Before they got a refrigerator they had a root cellar that kept food cool but eventually they dug out the basement when Gail was about 10. They dug out the basement themselves and her sister would use their car which at the time was a really large dodge to move all of the dirt. Her father later on decided to build a staircase from the kitchen down into the basement. He also built a staircase over the staircase that lead up to the second floor. The original staircase was at the back of the living room just opposite the front door. He built a stairway to the attic right up and over the original stairway. Gail’s father was always doing some sort of carpentry work on their house as well as the houses nearby.
Houses always gain character from their residents.

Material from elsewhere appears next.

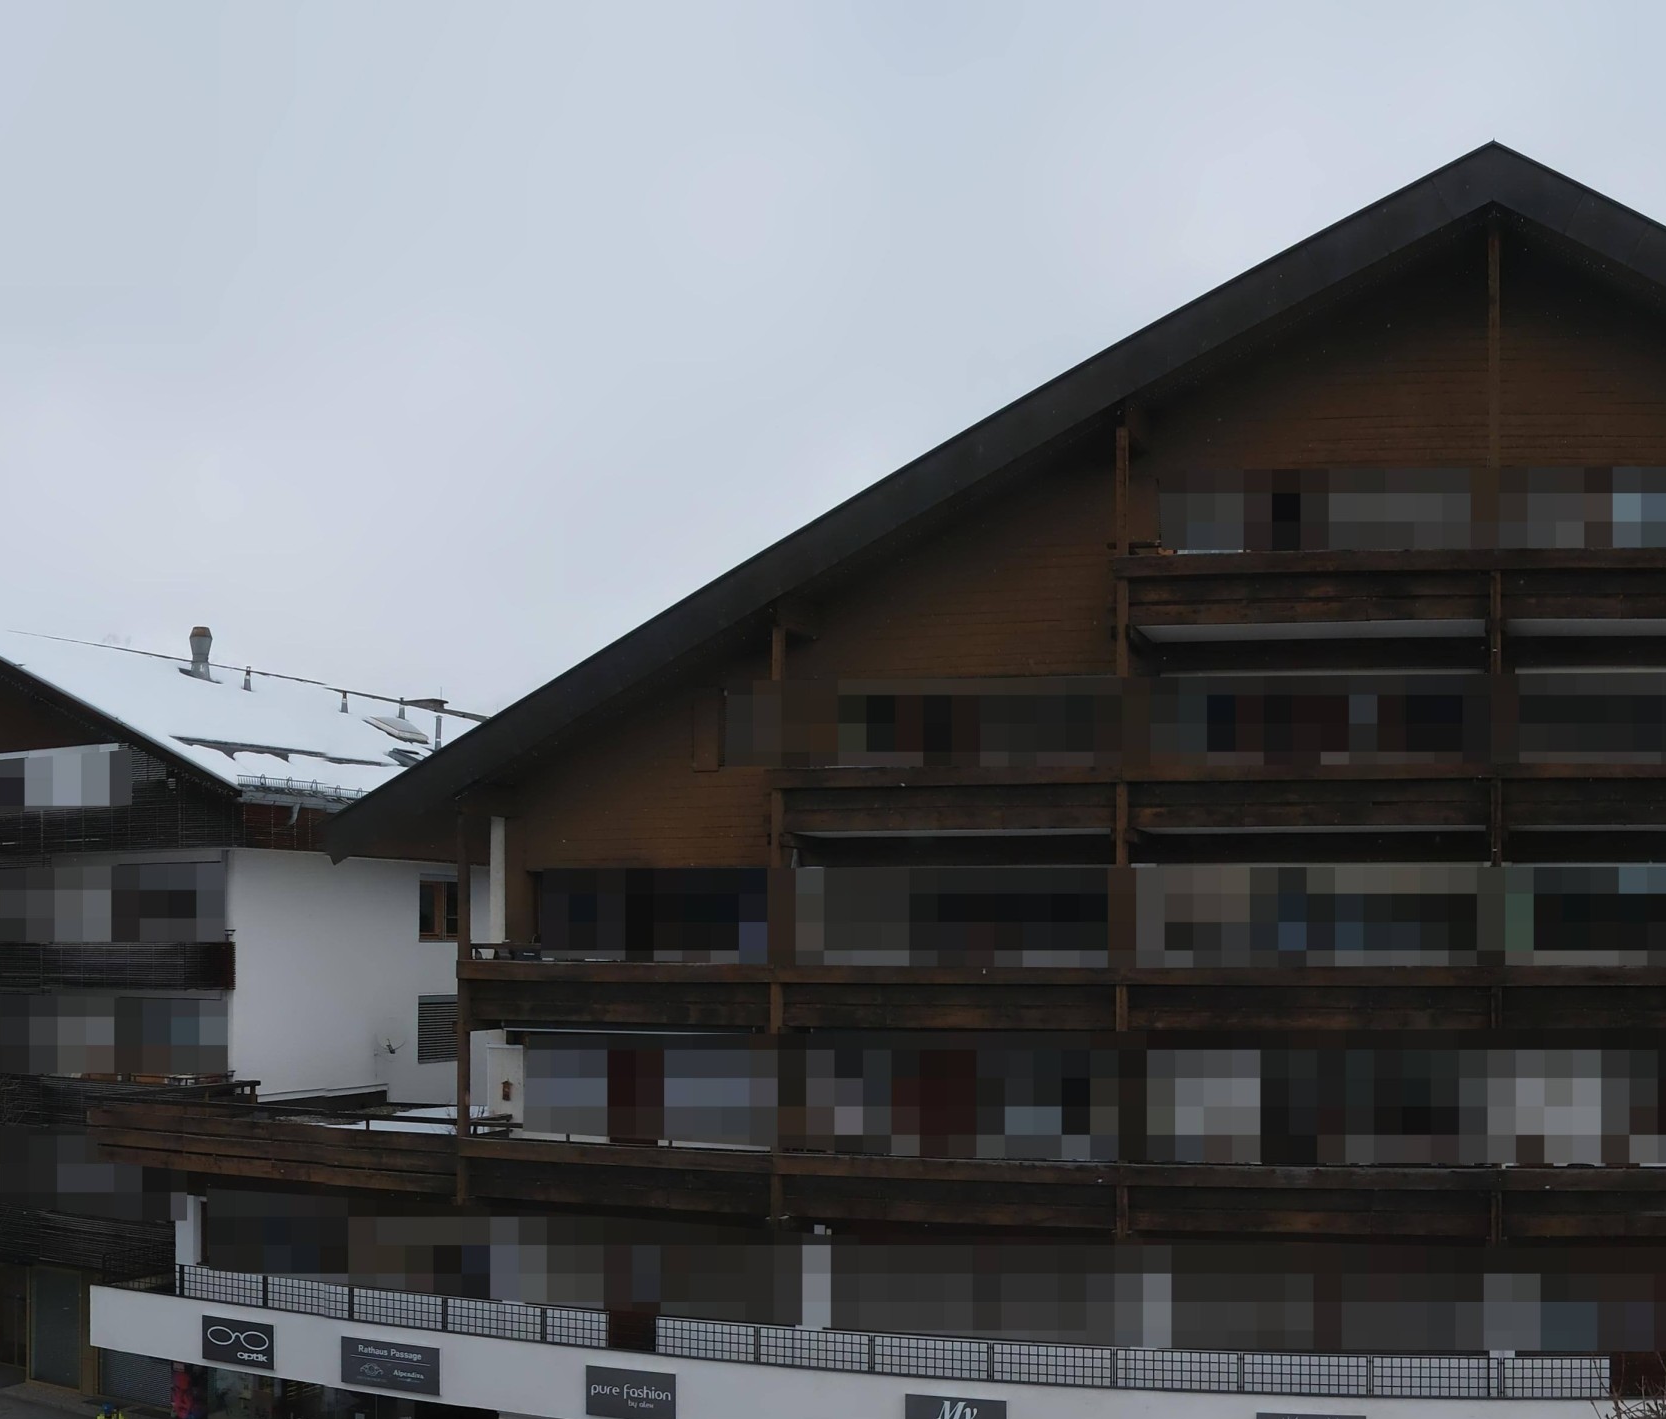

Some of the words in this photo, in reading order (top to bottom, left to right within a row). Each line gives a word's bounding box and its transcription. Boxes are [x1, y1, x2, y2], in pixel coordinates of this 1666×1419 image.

Gail Winn grew up on the property of 2109 N. 9th Street. Many stories stick with houses. One such story was of a chimpanzee that lived across the street from them. The Richardson family that lived across the street at the time had a son who did an animal act and his chimpanzee was always running away, in fact one time it got stuck up a telephone pole. While Gail was not too fond of the chimp but the rest of her family seemed to get along with it pretty well. In fact in the 1930s when Gail’s father and brother were re-shingling the house that chimp got away and climbed the ladder and kept them company while they finished the roof.

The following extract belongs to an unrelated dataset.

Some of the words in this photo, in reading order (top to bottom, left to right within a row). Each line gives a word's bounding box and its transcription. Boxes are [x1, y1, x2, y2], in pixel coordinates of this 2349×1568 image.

One story helps to encompass the kindness of the previous residents. During the Depression the house that was right next door to them couldn’t pay their water bill, so Gail’s father ran a pipe from the tap on the side of their house to their kitchen to help them out. Another time there was a homeless man who had stopped to get a drink from the tap. Gail’s mother had made her wings from goose feathers and they were pretty large. She went bouncing out of the house and scared the living daylights out of the guy and her mother had to come out and assure him that she was just a little girl because he must have mistaken her for an angel.
There used to be three large trees in the yard but only one remains now. In one of the trees, kids from the neighborhood would climb and put their initials but Gail had by far gotten her initials the farthest up. From the start, the house was full of adventurous kids. When Gail was a toddler she used to knock over her walker and crawl out and start making her way up the stairs toward the landing. At one point in time Gail climbed out the window on the second story and climbed down the roof and down the pillars to sneak out one night. She didn’t get hurt but the experience scared her enough that she never attempted a stunt like that again.
The house was always surrounded by character. The gypsies used to park in between Camels Back and Eighth Street. Children in that area grew up being warned that if they got too close, the gypsies would take them.
When the porch was still made out of wood Gail and a friend of hers wanted to make a play that was set in the desert. They spent time making the script and practicing. They put sand all over the porch trying to set the scene. Now at one point during the play they started a fire. Luckily their father reacted quickly in getting it put out and there was no damage to the house but the audience was of course appalled that they had started a real fire on the porch.